Film Breakthrough and 1980s
His screen breakthrough arrived with The Onion Field (1979), a harrowing crime drama that announced him as a formidable character actor. The 1980s became a defining decade. In David Cronenberg's Videodrome (1983), Woods collaborated with a director who prized psychological daring; the role fused technology, paranoia, and charisma in ways that made him unforgettable. Sergio Leone cast him in Once Upon a Time in America (1984) alongside Robert De Niro and Elizabeth McGovern, where Woods' portrayal of Max added menace and tragic ambition to the epic's emotional core. He reached a new level with Oliver Stone's Salvador (1986), a blistering portrait of war correspondent Richard Boyle, earning an Academy Award nomination for Best Actor and cementing a productive relationship with Stone. Throughout the decade, he moved easily between independent-spirited projects and mainstream thrillers, working with collaborators who appreciated his appetite for moral ambiguity.

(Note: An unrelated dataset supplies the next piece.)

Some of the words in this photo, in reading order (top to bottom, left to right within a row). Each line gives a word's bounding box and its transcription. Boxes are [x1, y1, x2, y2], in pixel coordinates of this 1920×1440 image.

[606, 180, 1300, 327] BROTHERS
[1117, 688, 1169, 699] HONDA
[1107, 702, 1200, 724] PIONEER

1990s: Recognition and Range
The 1990s showcased his range across prestige dramas and popular cinema. Martin Scorsese cast him in Casino (1995) with Robert De Niro, Sharon Stone, and Joe Pesci, where Woods gave a memorable turn as a small-time hustler whose charm curdles under pressure. In Oliver Stone's Nixon (1995), opposite Anthony Hopkins, he brought chilly focus to the inner circles of power. Ghosts of Mississippi (1996) earned him an Academy Award nomination for Best Supporting Actor for his searing portrayal within Rob Reiner's civil rights courtroom drama. He also appeared in Robert Zemeckis' Contact (1997) with Jodie Foster, channeling bureaucratic calculation into a performance that anchored the film's political dimension. He balanced these with character-driven parts, including a nuanced performance in Sofia Coppola's The Virgin Suicides (1999) alongside Kathleen Turner.

Television and Voice Work
Parallel to his film career, Woods distinguished himself on television. He earned widespread acclaim for the television movie Promise (1986), produced by and co-starring James Garner, and for My Name Is Bill W. (1989), a portrait of Alcoholics Anonymous cofounder Bill Wilson, again working closely with Garner. These projects brought him two Primetime Emmy Awards and Golden Globes recognition, confirming his stature as a leading actor equally at home in intimate, character-focused stories. Later, he headlined the legal drama Shark (2006, 2008), portraying a brilliant, combative prosecutor whose methods tested the boundaries of the system.

Woods also became a lasting presence in animation and interactive media. His voice performance as Hades in Disney's Hercules (1997) turned the villain into a sardonic, fast-talking icon; he reprised the role across television and video games, including the Kingdom Hearts series, bringing his trademark wit to new generations of audiences.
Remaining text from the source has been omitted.